What is expected:
Repeat every record exactly as given.

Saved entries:
□ □ □ □

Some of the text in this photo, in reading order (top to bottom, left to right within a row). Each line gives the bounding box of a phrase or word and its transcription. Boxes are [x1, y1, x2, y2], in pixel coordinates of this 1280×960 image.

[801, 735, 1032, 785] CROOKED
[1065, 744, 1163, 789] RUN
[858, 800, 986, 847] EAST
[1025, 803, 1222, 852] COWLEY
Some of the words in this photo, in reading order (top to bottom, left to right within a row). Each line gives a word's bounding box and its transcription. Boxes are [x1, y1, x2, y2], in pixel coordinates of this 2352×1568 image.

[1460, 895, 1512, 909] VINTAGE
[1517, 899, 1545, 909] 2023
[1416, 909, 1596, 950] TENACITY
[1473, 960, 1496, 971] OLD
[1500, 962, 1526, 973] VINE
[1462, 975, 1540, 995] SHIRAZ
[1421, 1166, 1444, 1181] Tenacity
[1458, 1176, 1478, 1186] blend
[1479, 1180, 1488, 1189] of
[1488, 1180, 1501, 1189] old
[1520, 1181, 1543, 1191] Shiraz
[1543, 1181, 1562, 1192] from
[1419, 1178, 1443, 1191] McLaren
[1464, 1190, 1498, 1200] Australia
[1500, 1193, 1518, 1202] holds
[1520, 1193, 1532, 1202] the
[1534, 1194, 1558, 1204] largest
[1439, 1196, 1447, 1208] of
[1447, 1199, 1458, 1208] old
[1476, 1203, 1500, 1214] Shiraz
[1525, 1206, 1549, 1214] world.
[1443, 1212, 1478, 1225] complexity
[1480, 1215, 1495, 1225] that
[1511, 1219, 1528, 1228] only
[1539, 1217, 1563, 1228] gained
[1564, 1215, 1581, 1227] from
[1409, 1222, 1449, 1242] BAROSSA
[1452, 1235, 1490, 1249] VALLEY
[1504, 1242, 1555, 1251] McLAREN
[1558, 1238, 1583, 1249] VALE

□ □ □ □

Exercise answer:
Some of the text in this photo, in reading order (top to bottom, left to right within a row). Each line gives the bounding box of a phrase or word and its transcription. Boxes are [x1, y1, x2, y2], in pixel coordinates of this 1280×960 image.

[801, 735, 1032, 785] CROOKED
[1065, 744, 1163, 789] RUN
[858, 800, 986, 847] EAST
[1025, 803, 1222, 852] COWLEY
Some of the words in this photo, in reading order (top to bottom, left to right within a row). Each line gives a word's bounding box and its transcription. Boxes are [x1, y1, x2, y2], in pixel coordinates of this 2352×1568 image.

[1460, 895, 1512, 909] VINTAGE
[1517, 899, 1545, 909] 2023
[1416, 909, 1596, 950] TENACITY
[1473, 960, 1496, 971] OLD
[1500, 962, 1526, 973] VINE
[1462, 975, 1540, 995] SHIRAZ
[1421, 1166, 1444, 1181] Tenacity
[1458, 1176, 1478, 1186] blend
[1479, 1180, 1488, 1189] of
[1488, 1180, 1501, 1189] old
[1520, 1181, 1543, 1191] Shiraz
[1543, 1181, 1562, 1192] from
[1419, 1178, 1443, 1191] McLaren
[1464, 1190, 1498, 1200] Australia
[1500, 1193, 1518, 1202] holds
[1520, 1193, 1532, 1202] the
[1534, 1194, 1558, 1204] largest
[1439, 1196, 1447, 1208] of
[1447, 1199, 1458, 1208] old
[1476, 1203, 1500, 1214] Shiraz
[1525, 1206, 1549, 1214] world.
[1443, 1212, 1478, 1225] complexity
[1480, 1215, 1495, 1225] that
[1511, 1219, 1528, 1228] only
[1539, 1217, 1563, 1228] gained
[1564, 1215, 1581, 1227] from
[1409, 1222, 1449, 1242] BAROSSA
[1452, 1235, 1490, 1249] VALLEY
[1504, 1242, 1555, 1251] McLAREN
[1558, 1238, 1583, 1249] VALE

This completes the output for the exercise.